*** Data for review Section Begins ***
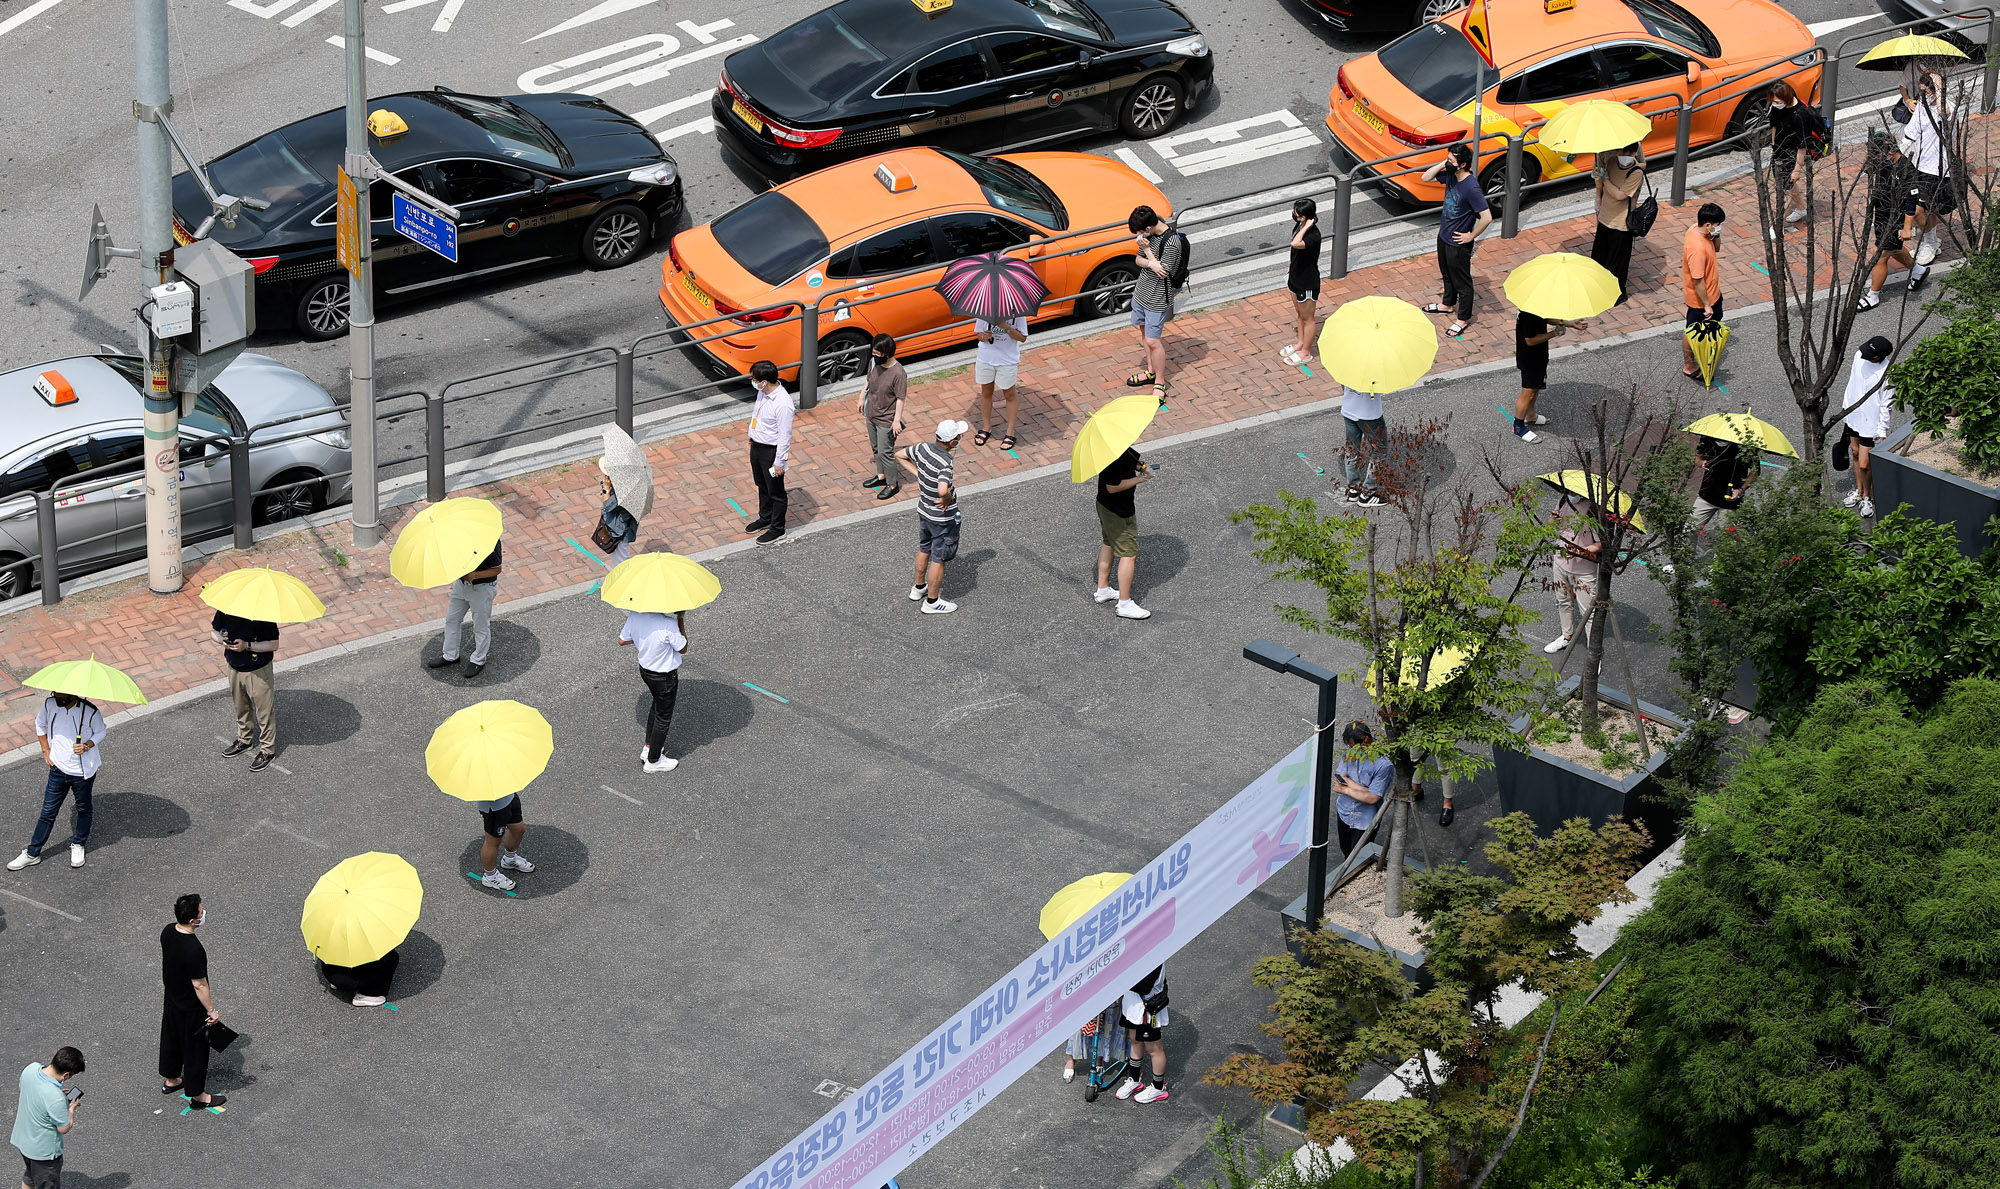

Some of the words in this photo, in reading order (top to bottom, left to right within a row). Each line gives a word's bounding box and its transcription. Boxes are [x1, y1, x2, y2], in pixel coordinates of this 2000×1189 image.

[1368, 114, 1383, 131] 9412
[877, 169, 891, 187] TAXI
[405, 203, 435, 227] 신반포로
[403, 215, 438, 239] Sinbanpo-ro
[38, 380, 51, 398] TAXI
[167, 476, 178, 539] 금연구역
*** Data for review Section Ends ***
- [Problem to solve]: In your copy, please omit the pictures and print every line of the records exactly.

- [Written solution]:
Some of the words in this photo, in reading order (top to bottom, left to right within a row). Each line gives a word's bounding box and its transcription. Boxes are [x1, y1, x2, y2], in pixel coordinates of this 2000×1189 image.

[1368, 114, 1383, 131] 9412
[877, 169, 891, 187] TAXI
[405, 203, 435, 227] 신반포로
[403, 215, 438, 239] Sinbanpo-ro
[38, 380, 51, 398] TAXI
[167, 476, 178, 539] 금연구역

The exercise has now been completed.